Mais il est un pays dont on parle peu, la Suisse, où Tapie s’est initié aux paradis fiscaux dans les années 1980-1990. Deux établissements bancaires apparus dans ses affaires ont ainsi soulevé des interrogations de la presse locale : la Finterbank et la BGC (Banque Générale du Commerce). Dans une enquête fort documentée publiée en juillet 1994 le magazine L’Hebdo s’intéresse de très près à la Finterbank, une banque qui est notamment intervenue dans des opérations autour de transferts de joueurs de l’OM qui vont très vite se trouver au cœur d’investigations judiciaires en France. La Finterbank apparaît également dans l’affaire Terraillon, une entreprise de pesage reprise par l’homme d’affaires à la même époque. Nos confrères évoquent ainsi un rapport des Renseignements généraux français, daté du 10 mars 1992, estimant que l’établissement bancaire “fait partie d’un réseau de blanchiment d’argent ou du moins qu’elle recycle des capitaux préalablement blanchis”.
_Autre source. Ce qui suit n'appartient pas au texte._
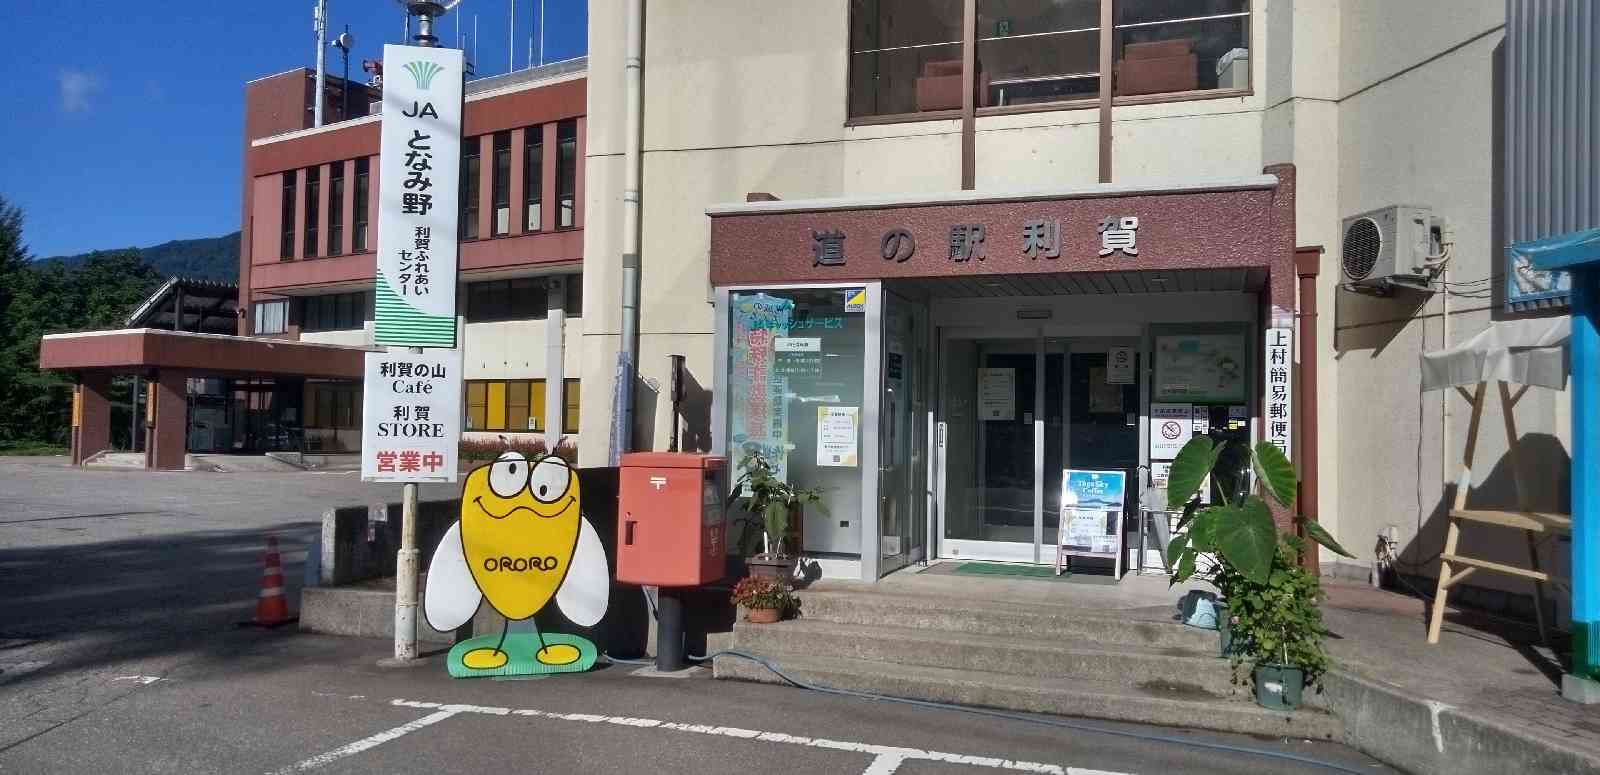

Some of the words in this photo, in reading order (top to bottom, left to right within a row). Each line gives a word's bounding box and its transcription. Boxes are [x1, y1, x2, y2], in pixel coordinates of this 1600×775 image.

[402, 102, 439, 120] JA
[402, 130, 433, 216] となみ野
[811, 215, 1140, 268] 道の駅利賀
[414, 226, 431, 296] 利賀ふれあい
[398, 250, 414, 296] センター
[380, 362, 447, 378] 利賀の山
[392, 380, 433, 394] Café
[393, 405, 431, 421] 利賀
[377, 422, 446, 438] STORE
[376, 451, 444, 473] 営業中
[484, 556, 558, 572] ORORO
Quant à la BGC, ce n’est guère plus reluisant. Un autre rapport des RG, daté du 28 octobre 1992, soupçonne la banque de “couvrir des transferts de capitaux douteux, d’origine essentiellement italienne, qui seraient réinvestis en France dans des affaires immobilières”. Sept donateurs de la campagne de Tapie aux législatives de 1993 à Gardanne auraient tiré des chèques sur cet établissement sulfureux… Les journalistes suisses s’intéressent également aux personnalités présentes à son mariage, en mai 1987, sur le yacht Le Phocéa baignant au large de Corfou. Six hommes d’affaires suisses ou résidents suisses étaient au nombre des invités. L’un d’eux est plus particulièrement remarqué : Sylvain Ferdman a travaillé comme conseiller financier dans les années 1960 à la Bank of Word Commerce de Nassau, accusée de blanchir l’argent de la Cosa Nostra américaine via le célèbre Meyer Lanksy, lieutenant emblématique de Lucky Luciano. Il semble que Bernard Tapie n’ait pas eu à l’époque de très bonnes fréquentations.

Plus largement, le procureur de Genève Bernard Bertossa, que nous avions interrogé dans les années 1990, aura ce très helvète commentaire : “On peut se demander pourquoi quelqu’un qui était censé avoir une activité industrielle importante comme Bernard Tapie a eu recours aux services d’établissements de cette gamme.”

Bernard Tapie demeure en tout cas très attaché à la Suisse, où il se rend régulièrement. C’est ainsi à Genève qu’il a eu de fréquentes rencontres avec Philippe Hersant, résident suisse, pour mettre sur pied le plan de reprise de GHM.